Antivirals and antibody therapies are showing promise. The FDA needs to step up its pace.
Some imagine that the coronavirus will run its tragic course in the spring, with the direst results avoided by intense social-distancing and other mitigation efforts, and then our lives can more or less return to normal in the summer.
But that isn’t realistic. Even if new cases start to stall in the summer heat, the virus will return in the fall, and so will fresh risk of large outbreaks and even a new epidemic. People will still be reluctant to crowd into stores, restaurants or arenas. Schools may remain closed. The public’s fears won’t relent simply because there are fewer new cases. We’ll be running an 80% economy.
The only way out is with technology. Aggressive surveillance and screening can help warn of new infection clusters that could turn into outbreaks, but that won’t be enough. A vaccine could beat the virus, but there won’t be one this year. The best near-term hope: an effective therapeutic drug. That would be transformative, and it’s plausible as soon as this summer. But the process will have to move faster.
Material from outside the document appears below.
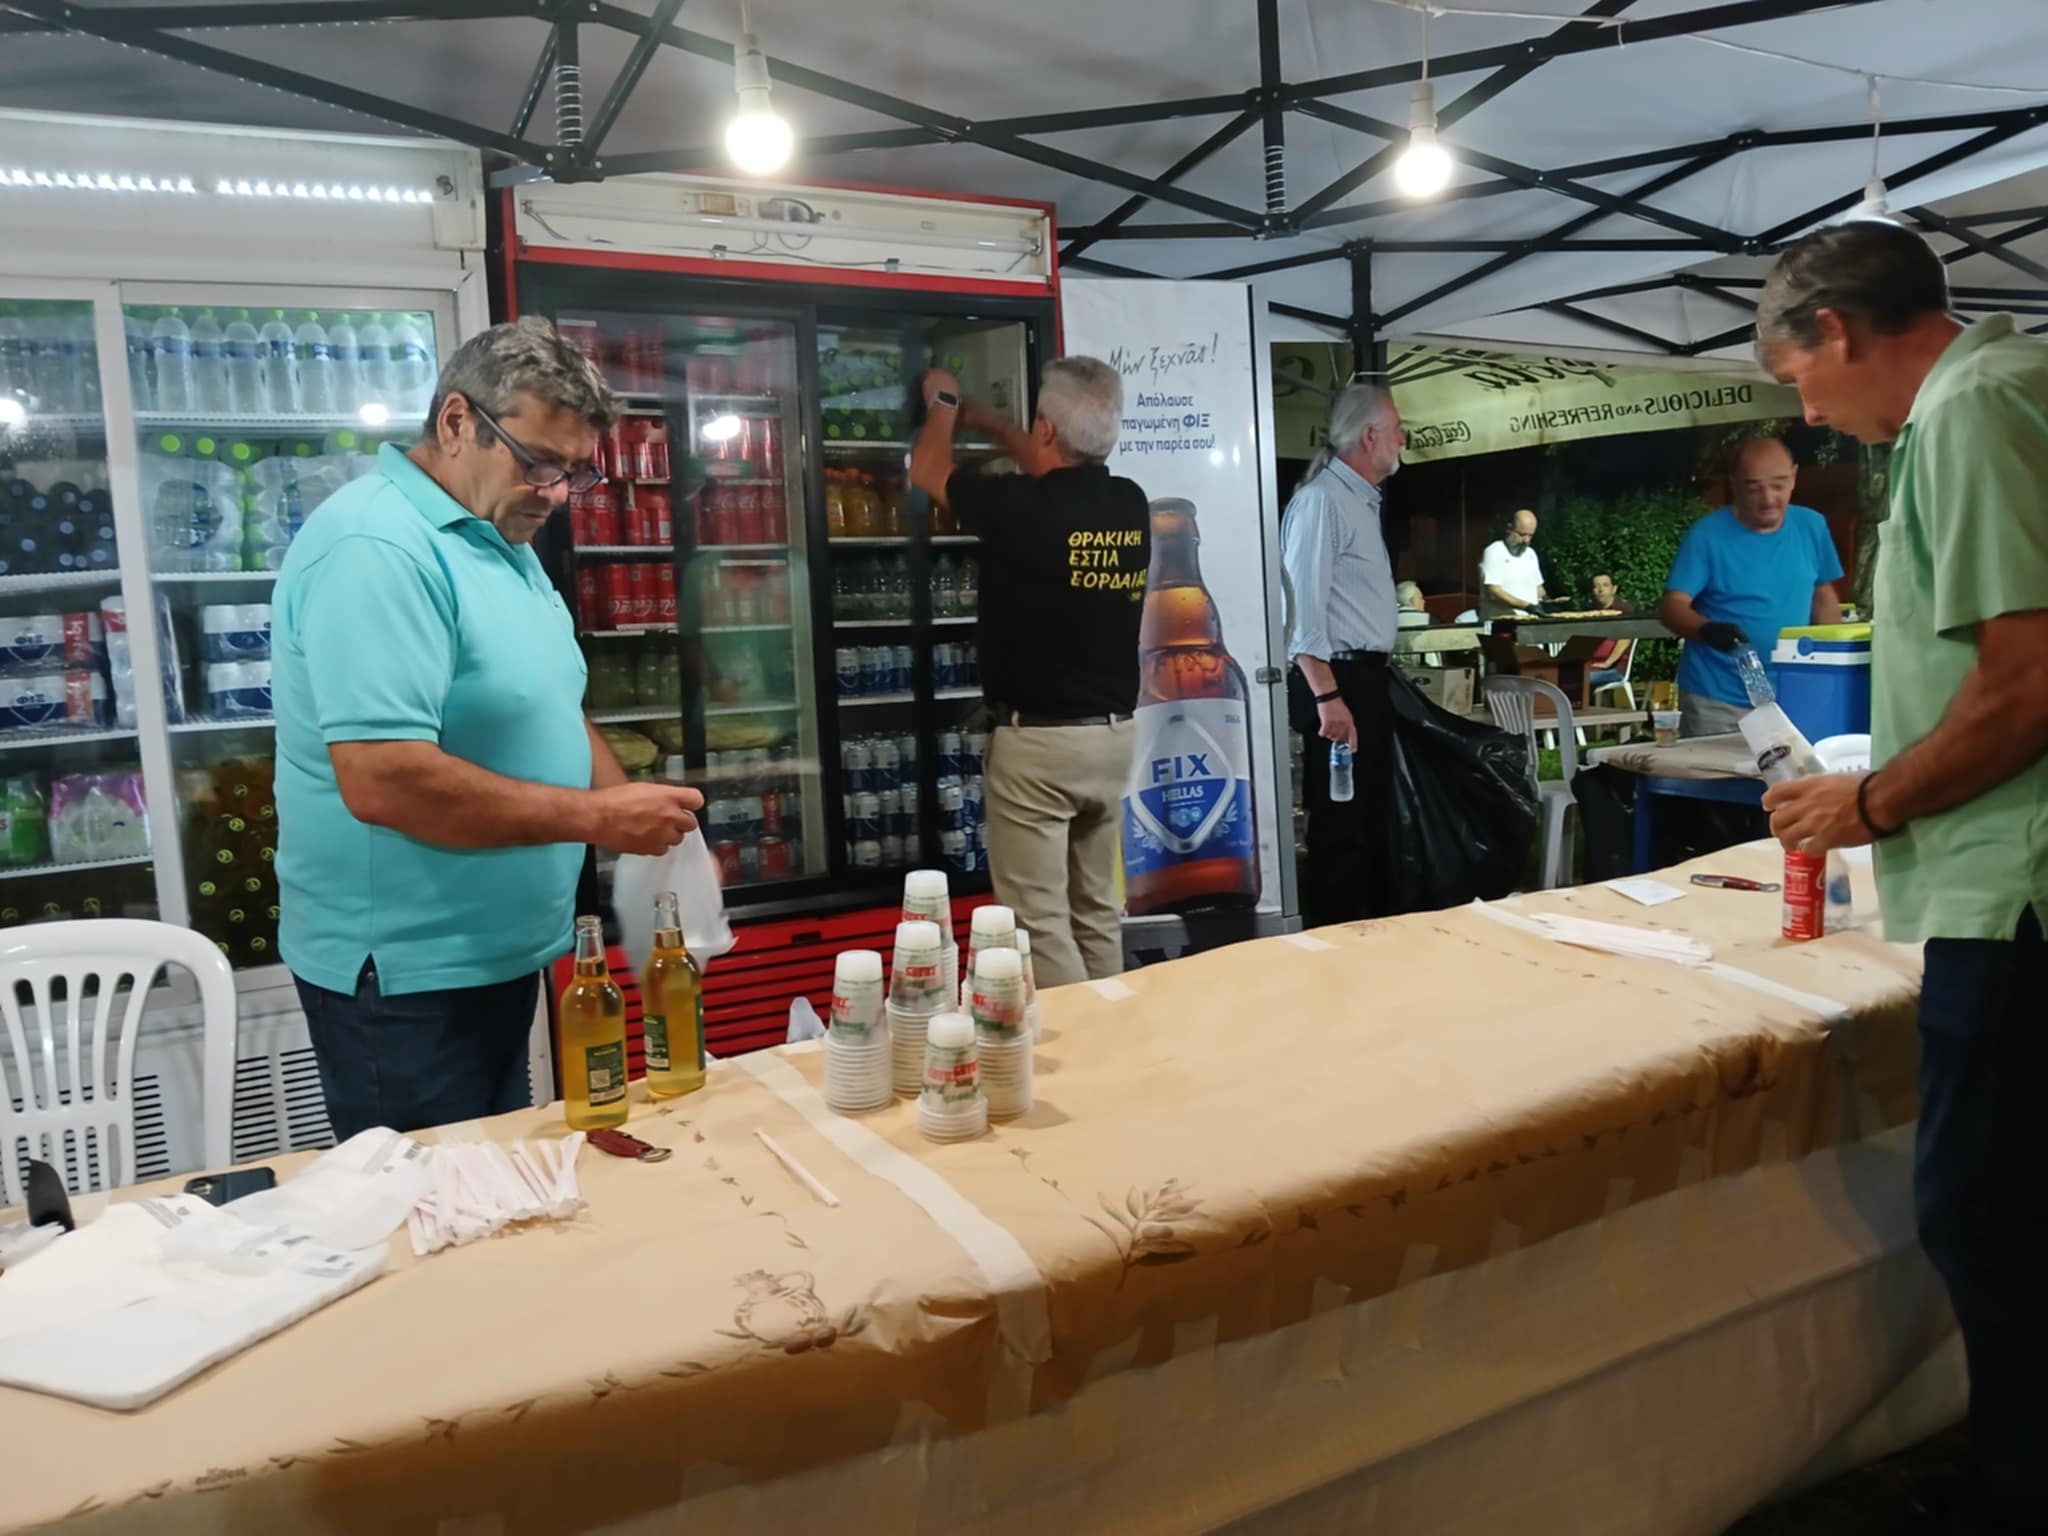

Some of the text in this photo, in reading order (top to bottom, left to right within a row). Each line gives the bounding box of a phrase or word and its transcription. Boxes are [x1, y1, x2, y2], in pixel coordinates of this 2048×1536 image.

Americans would have the confidence to return to work, even if the virus is still circulating in the fall, if they knew that a robust screening system is in place to identify and arrest new outbreaks and medication can significantly reduce the chance of becoming severely ill. Kevin Warsh, a former Federal Reserve governor, estimates that such a drug could restore at least $1 trillion in economic activity.
Given the enormous public-health and economic stakes, it is worth doing whatever it takes to move such a drug to market. There are two promising approaches, and both could be available soon if government and private industry do things right. It’s time to place some firm bets and put resources behind these experimental treatments.
One approach involves antiviral drugs that target the virus and block its replication. Think of medicines for treating influenza, HIV or cold sores. The drugs work by blocking the mechanisms that viruses use to replicate. Dozens of promising antiviral drugs are in various stages of development and could be advanced quickly. The one furthest along is remdesivir, from Gilead Sciences. There’s evidence from clinical experience with Covid-19 patients that it could be effective.
The other approach involves antibody drugs, which mimic the function of immune cells. Antibody drugs can be used to fight an infection and to reduce the risk of contracting Covid-19. These medicines may be the best chance for a meaningful near-term success.
Antibody drugs are based on the same scientific principles that make “convalescent plasma” one interim tactic for treating the sickest Covid-19 patients. Doctors are taking blood plasma from patients who have recovered from Covid-19 and infusing it into those who are critically ill. The plasma is laden with antibodies, and the approach shows some promise. The constraint: There isn’t enough plasma from recovered patients to go around.
Antibody drugs are engineered to do the same thing as convalescent plasma, but because they’re synthesized, they don’t depend on a supply of antibodies from healed patients. Biotech companies would manufacture them in large quantities using recombinant technology, the same approach behind highly effective drugs that target and prevent Ebola, respiratory syncytial virus and other infections. The antibodies can also be a prophylaxis given to those exposed to Covid-19, or to prevent infection in vulnerable patients, such as those on chemotherapy. These drugs could protect the public until a vaccine is available.
The biotech company Regeneron successfully developed an antibody drug to treat Ebola as well as one against MERS, a deadly coronavirus similar to Covid-19. Regeneron has an antibody drug that should enter human trials in June. Vir Biotechnology is also developing an antibody treatment for Covid-19 and says it could be ready for human trials this summer. Amgen recently started its own program with Adaptive Biotech and Eli Lilly has one as well. If these approaches work, the drugs can advance quickly, because much of the science and the safety is already well understood.
But success will require a strong sense of urgency from manufacturers—and from regulators, who need to collaborate with drug developers in innovative ways to move the most promising therapies. The Food and Drug Administration has deployed tactics in recent years to advance therapeutics aimed at rare and deadly cancers. One is real-time reviews, in which regulators work with drug developers to evaluate data as it is read out from clinical trials, instead of waiting until the trial concludes, to understand the potential benefits and risks rapidly. This has enabled drug developers to accelerate development timelines. FDA’s senior career scientists need the firm backing of political leadership to apply these and similar scientific approaches to Covid-19.
Americans’ lives won’t return to normal absent a technological breakthrough. But with some effort, American industry and government can before this fall produce therapies that save lives and restore freedom and prosperity.
Dr. Gottlieb is a resident fellow at the American Enterprise Institute and was commissioner of the Food and Drug Administration, 2017-19. He serves on the boards of Pfizer and Illumina and is a partner at the venture-capital firm New Enterprise Associates.